Investment Summary – Det norske is a Norwegian exploration & production company that has tremendous long-term growth prospects. I will not be surprised if the stock jumps five-folds in five years. Listed in the US OTC exchange with ticker DETNF, but investors can buy the stock on Oslo Børs where it’s listed with ticker DETNOR.
Returns In Last 12 Months – When the whole energy sector has been battered, Det norske has delivered 53% returns in the last 12 months. This is reason big enough to have a deeper look and long-term investors will find a gem in Det norske.
Brief Bull Story – For 4Q15, Det norske reported production of 54,000boepd. Within the existing portfolio, the company has enough potential to lift production to 160,000boepd after 2020. Attractive EBITDAX margin of 84% for 2015 with production cost of $6.4 per barrels of oil equivalent.
Det norske Overview
Det norske is an exploration & production company with exploration, development and production activities on the Norwegian Continental Shelf. Det norske is the operator of the producing Alvheim field and for the Ivar Aasen field development. In addition, the company is partner in the Johan Sverdrup field, which is a long-term cash spinner.
As of December 2015, Det norske had proved and probable reserves of 498mmboe. In addition, as of FY15, the company had mean contingent resources of 326mmboe.
For FY15, Det norske reported average daily production of 60,000boepd with revenue, EBITDAX and EBITDA of $1.2 billion, $1.0 billion and $953 million respectively.
The Low Production Cost Advantage
Det norske has quality assets in the Norwegian Continental Shelf with low production cost. This ensures that the company’s EBITDA margin and operating cash flow remains robust even in a low oil price environment.
The table below provides insights on the company’s production, EBITDAX margin and production cost in the last five years and the estimates for 2016.
With production cost likely to remain low, I expect 2016 to be another decent year in terms of EBITDAX and operating cash flow. Further, with oil trending higher in the recent past, a better year than 2015 is also likely if upside sustains.
Production To Accelerate
Strong growth in production in the next five years with low production cost is the key “Bull Story” for Det norske. In the near-term, the cash flow from higher production will support the company’s investment in Johan Sverdrup that is likely to deliver first oil in 2019.
The chart below provides the production growth outlook for the next few years.
The production growth in 2017 will come from Ivar Aasen where Det norske has 34.8% stake and the field has plateau production of 67,000boepd.
The next major production upside comes in 2020 with first oil expected from Johan Sverdrup in 4Q19 where Det norske has 11.5733% stake.
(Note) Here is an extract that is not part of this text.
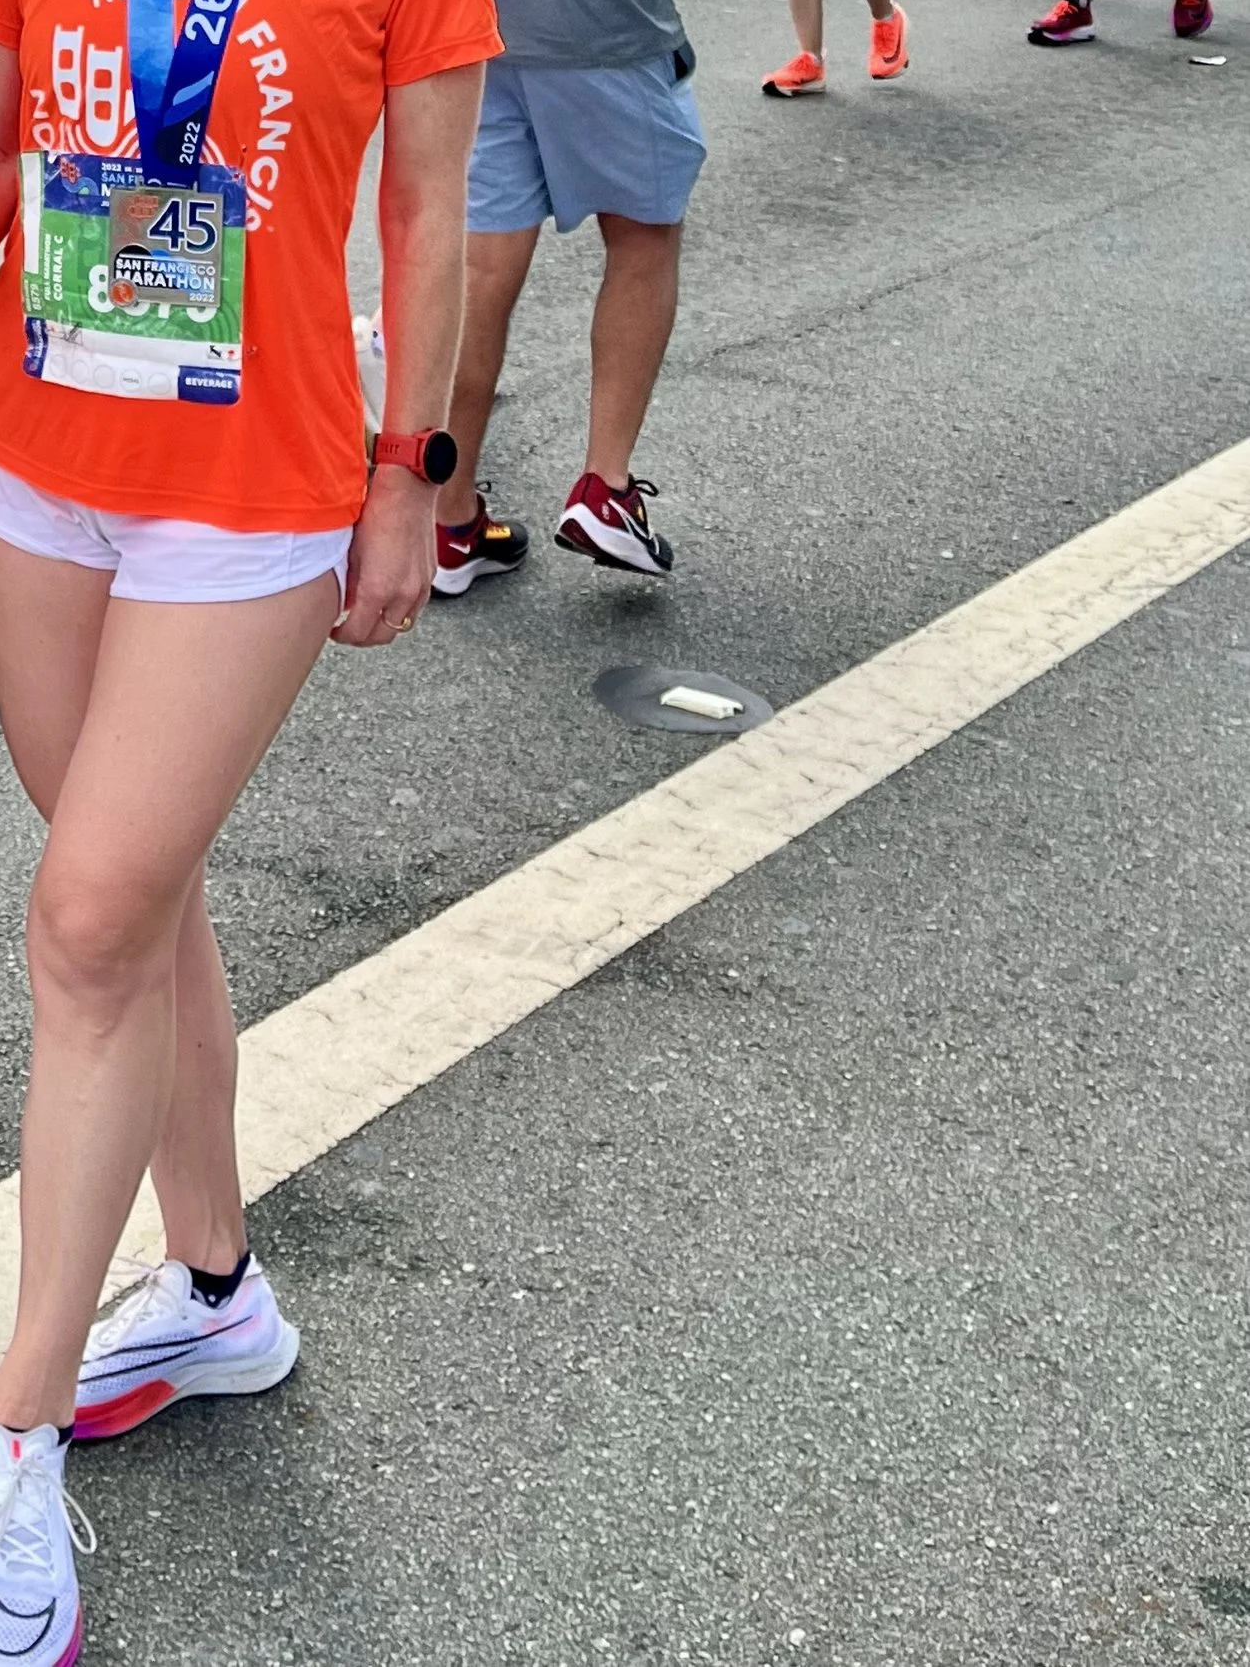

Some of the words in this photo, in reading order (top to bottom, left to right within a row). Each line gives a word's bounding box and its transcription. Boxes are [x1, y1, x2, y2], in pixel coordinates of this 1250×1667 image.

Phase one production from Johan Sverdrup is likely to be in the range of 315,000 to 380,000boepd and I have assumed lower end of estimates.
The overall production estimate is conservative also considering the fact that Det norske has acquired few assets in the last 6 months and the impact of these assets on production upside can potentially result in company’s target of 160,000boepd production after 2020 (supported by higher oil prices).
Strong Fundamentals To Support Growth
Det norske has strong liquidity position making the company fully financed for 2016 investments. Further, the company’s debt covenants provide ample headroom for leveraging for growth.
The chart below gives the company’s liquidity analysis for 2016.
Even with $950 million in capital expenditure for the year, Det norske is likely to close FY16 with liquidity buffer in excess of $1.0 billion. I must mention here that the company’s reported OCF of $636 million for FY15 and I have considered a relatively conservative cash flow of $600 million for FY16 with production likely to remain the same as FY15.
Another important point in the financial analysis is the company’s debt related covenants and the headroom available for Det norske to leverage. For 4Q15, Det norske has leverage of 2.2 with covenant requiring leverage ratio to remain below 3.5. Further, the company’s interest coverage ratio was 8.7 with the covenant threshold being 3.5. Clearly, there is enough covenant headroom and Det norske is negotiating with creditors to further ease the threshold limit.
With a strong production bump-up coming in 2017, if oil prices recover, EBITDA and operating cash flow can be meaningfully higher for 2017 and provide additional cash support for investments.
Det norske has some quality assets and the next 5-7 years are likely to be big for the company from production upside perspective. The company’s Johan Sverdrup stake is likely to be a game changer beyond 2019 and in the foreseeable future, the production upside from Ivar Aasen will ensure that operating cash flows remain robust and allow for funding Johan Sverdrup without significant pressure on the balance sheet. Det norske is worth considering with a five year time horizon considering these key factors.